We ran instrumental variable analysis to ascertain for associations between genetically determined 2‐AAA levels and selected phenotypes using an MR approach. When certain assumptions are met, MR can ascertain associations between an exposure and an outcome. 37 In this case, our exposure was plasma 2‐AAA, whereas the outcomes included 11 cardiometabolic traits (body mass index, waist circumference, HDL‐C, LDL‐C, total cholesterol, triglycerides, fasting glucose, fasting insulin, T2D, coronary artery disease, CRP). To infer relationships between exposures and outcomes, MR analyses assume (1) the genetic instrument associated with 2‐AAA; (2) the association between the genetic instrument and 2‐AAA was independent of potential confounders; (3) the genetic instrument was not pleiotropic, and could only affect the outcome through 2‐AAA; and (4) the effect was homogeneous. To construct our 2‐AAA genetic instrument, we selected independent SNPs associated with plasma 2‐AAA with P<5×10−4 and the same effect direction from at least 3 of the 4 data sets included in the meta‐analysis and tested the association with cardiometabolic outcomes using the inverse‐variance weighted average meta‐analysis (IVWA) method. Because the 2‐AAA metabolite was measured using different technologies, it was not possible to harmonize the effect sizes across data sets, even after applying a common transformation to each data set. Thus, SNP weightings for the PS were based on the largest European ancestry (FHS) and largest African ancestry (JHS) cohorts. The pleiotropy‐robust MR‐Egger and Weighted Median methods were used as sensitivity analyses and to confirm the magnitude and direction of associations identified by IVWA. To assess effects of our outcomes on 2‐AAA, we also ran the reverse MR, using cardiometabolic traits as the exposure and 2‐AAA as the outcome. The genetic instrument for each trait was constructed using SNPs P<5×10−8 in their respective GWAS, except for fasting insulin, where no SNPs passed the GWAS significance threshold, so we applied a nominal threshold of P<5×10−4. All MR methods were calculated using the Mendelian Randomization R package. 38 Bonferroni‐adjusted P<0.0046 (0.05/11) by IVWA was considered significant.

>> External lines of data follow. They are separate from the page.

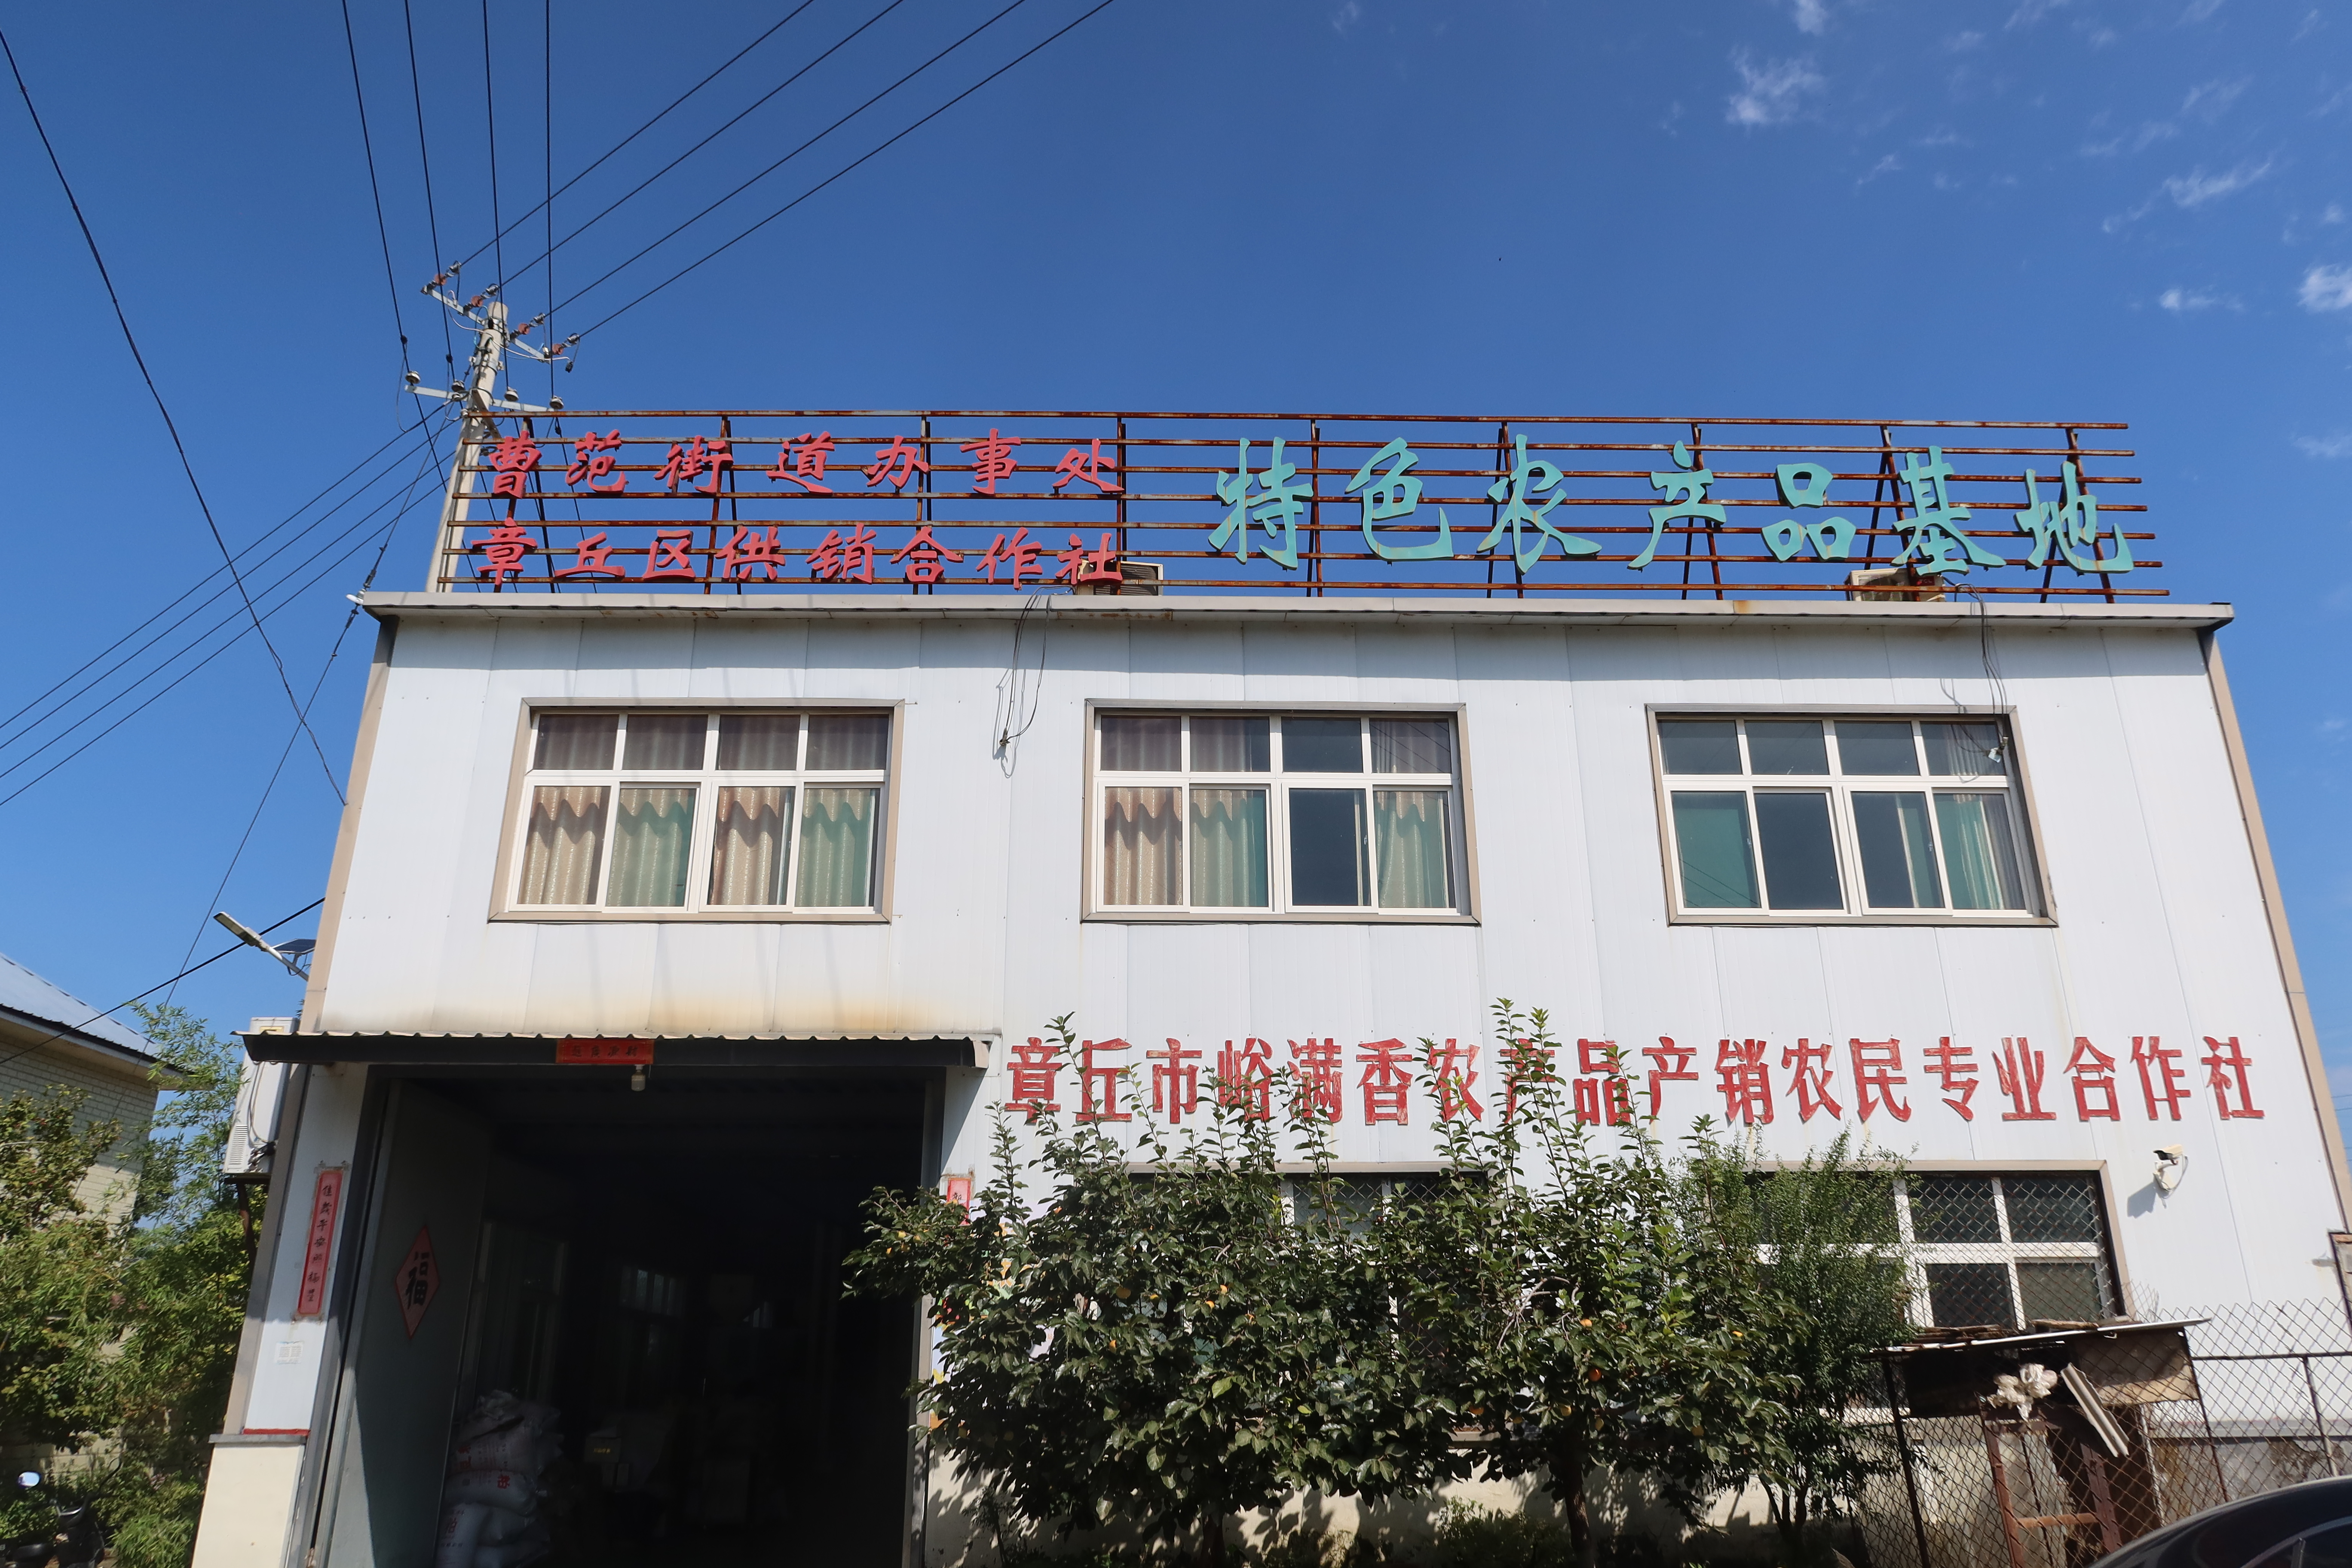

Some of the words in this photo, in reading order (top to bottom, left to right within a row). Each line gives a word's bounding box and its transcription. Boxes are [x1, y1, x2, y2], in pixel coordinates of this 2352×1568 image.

[489, 429, 1123, 499] 曹范街道办事处
[1209, 435, 2135, 575] 特色农产品基地
[472, 518, 1124, 590] 章丘区供销合作社
[405, 1251, 429, 1310] 福
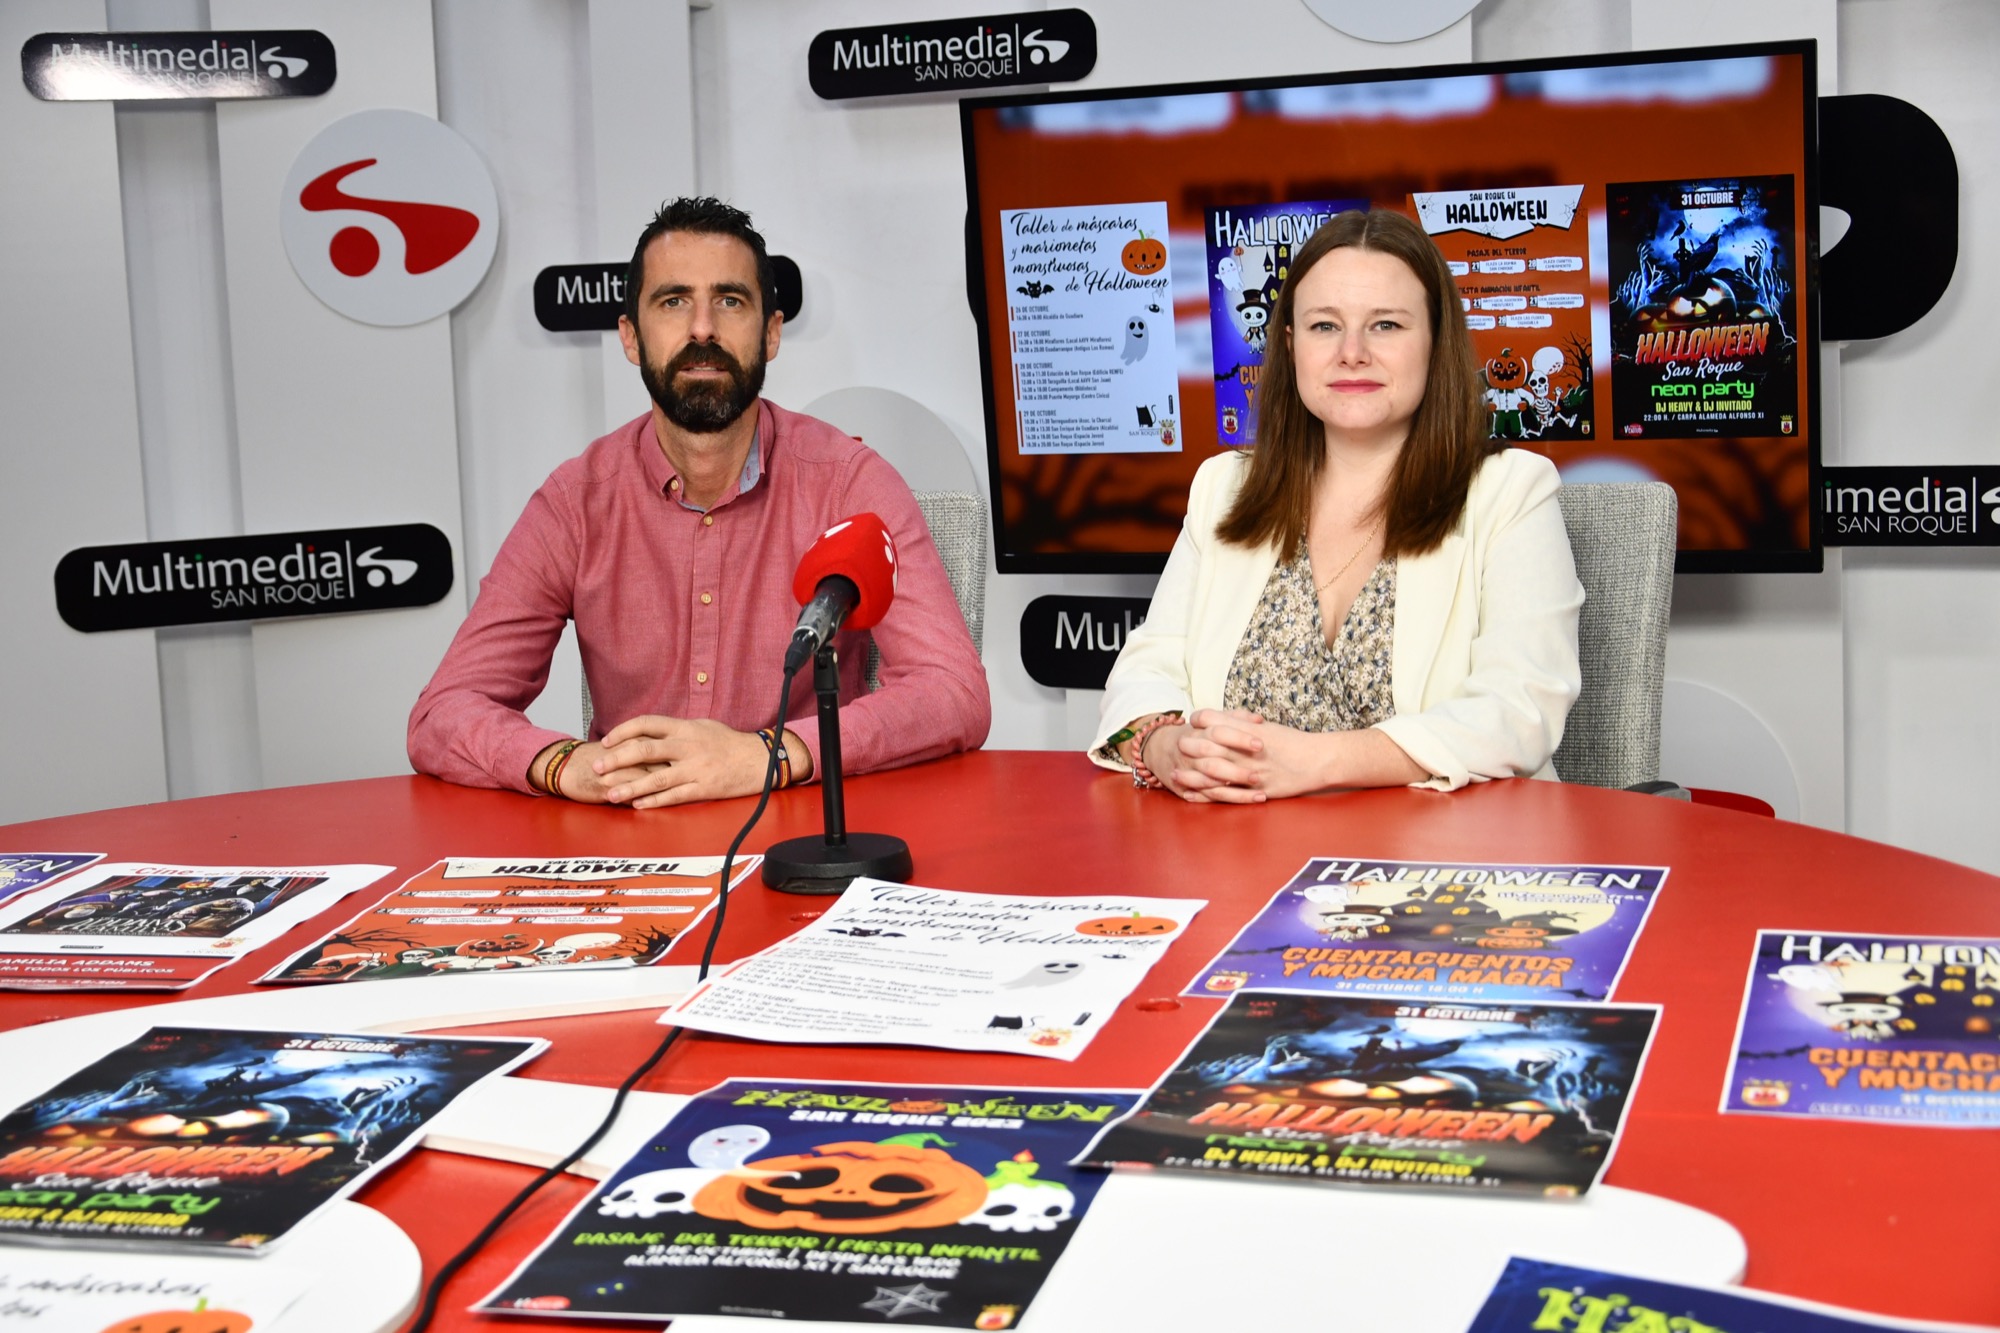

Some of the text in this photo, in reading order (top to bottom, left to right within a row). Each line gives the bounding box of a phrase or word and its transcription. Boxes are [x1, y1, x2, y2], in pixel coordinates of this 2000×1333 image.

Chronic Kidney Disease Validation Study

We obtained plasma samples from 62 individuals with or without chronic kidney disease (CKD), from an existing study. 39 We measured 2‐AAA by liquid chromatography MS at the Vanderbilt Mass Spectrometry Core. Samples were spiked with internal standard (Arginine‐15N4, Sigma Aldrich), extracted with methanol, and derivatized with dansyl chloride (Sigma Aldrich) before analysis. The dansyl derivative of 2‐AAA ([M+H]+ 395.1271) was measured by targeted selected ion monitoring using a Vanquish UPLC system interfaced to a QExactive HF quadrupole/orbitrap mass spectrometer (Thermo Fisher Scientific). Data acquisition and quantitative spectral analysis were conducted using Thermo‐Finnigan Xcaliber version 4.1 and Thermo‐Finnigan LCQuan version 2.7, respectively. Calibration curves were constructed by plotting peak area ratios (2‐AAA/Arg‐15N4) against analyte concentrations for a series of 2‐AAA standards. ESI source parameters were tuned and optimized using an authentic 2‐AAA reference standard (Sigma Aldrich) derivatized with dansyl chloride and desalted by solid phase extraction before direct liquid infusion. Fasting insulin was measured by radioimmunoassay (Millipore, St. Charles, MO). The study was approved by the Vanderbilt institutional review board, and all participants provided informed consent.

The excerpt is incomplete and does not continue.